#### RECORDS FOR THIS EXERCISE ####

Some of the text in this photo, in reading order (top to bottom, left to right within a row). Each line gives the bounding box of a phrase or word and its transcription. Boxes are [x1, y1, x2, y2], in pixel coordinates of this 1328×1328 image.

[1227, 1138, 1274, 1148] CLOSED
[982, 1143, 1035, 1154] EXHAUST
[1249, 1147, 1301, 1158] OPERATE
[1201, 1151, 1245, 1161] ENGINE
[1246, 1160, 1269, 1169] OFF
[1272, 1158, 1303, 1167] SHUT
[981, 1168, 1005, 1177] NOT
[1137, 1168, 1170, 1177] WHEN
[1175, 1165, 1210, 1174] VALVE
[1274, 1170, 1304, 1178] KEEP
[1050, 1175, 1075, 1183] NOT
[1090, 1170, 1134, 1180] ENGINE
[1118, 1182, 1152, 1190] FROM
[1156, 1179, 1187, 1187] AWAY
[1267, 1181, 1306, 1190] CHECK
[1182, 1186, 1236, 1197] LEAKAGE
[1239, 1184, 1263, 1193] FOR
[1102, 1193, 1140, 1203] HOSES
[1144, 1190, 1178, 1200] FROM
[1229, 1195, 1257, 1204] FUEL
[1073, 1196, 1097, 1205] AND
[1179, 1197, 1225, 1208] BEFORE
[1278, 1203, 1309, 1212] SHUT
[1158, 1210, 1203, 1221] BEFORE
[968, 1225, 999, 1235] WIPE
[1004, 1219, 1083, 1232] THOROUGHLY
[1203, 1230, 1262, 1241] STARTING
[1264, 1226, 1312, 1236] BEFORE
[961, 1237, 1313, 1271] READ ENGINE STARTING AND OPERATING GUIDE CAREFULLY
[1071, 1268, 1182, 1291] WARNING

####

• _TASK BRIEF_
Produce an exact copy of the whole listing.

• _REPLY TO THE TASK_
Some of the text in this photo, in reading order (top to bottom, left to right within a row). Each line gives the bounding box of a phrase or word and its transcription. Boxes are [x1, y1, x2, y2], in pixel coordinates of this 1328×1328 image.

[1227, 1138, 1274, 1148] CLOSED
[982, 1143, 1035, 1154] EXHAUST
[1249, 1147, 1301, 1158] OPERATE
[1201, 1151, 1245, 1161] ENGINE
[1246, 1160, 1269, 1169] OFF
[1272, 1158, 1303, 1167] SHUT
[981, 1168, 1005, 1177] NOT
[1137, 1168, 1170, 1177] WHEN
[1175, 1165, 1210, 1174] VALVE
[1274, 1170, 1304, 1178] KEEP
[1050, 1175, 1075, 1183] NOT
[1090, 1170, 1134, 1180] ENGINE
[1118, 1182, 1152, 1190] FROM
[1156, 1179, 1187, 1187] AWAY
[1267, 1181, 1306, 1190] CHECK
[1182, 1186, 1236, 1197] LEAKAGE
[1239, 1184, 1263, 1193] FOR
[1102, 1193, 1140, 1203] HOSES
[1144, 1190, 1178, 1200] FROM
[1229, 1195, 1257, 1204] FUEL
[1073, 1196, 1097, 1205] AND
[1179, 1197, 1225, 1208] BEFORE
[1278, 1203, 1309, 1212] SHUT
[1158, 1210, 1203, 1221] BEFORE
[968, 1225, 999, 1235] WIPE
[1004, 1219, 1083, 1232] THOROUGHLY
[1203, 1230, 1262, 1241] STARTING
[1264, 1226, 1312, 1236] BEFORE
[961, 1237, 1313, 1271] READ ENGINE STARTING AND OPERATING GUIDE CAREFULLY
[1071, 1268, 1182, 1291] WARNING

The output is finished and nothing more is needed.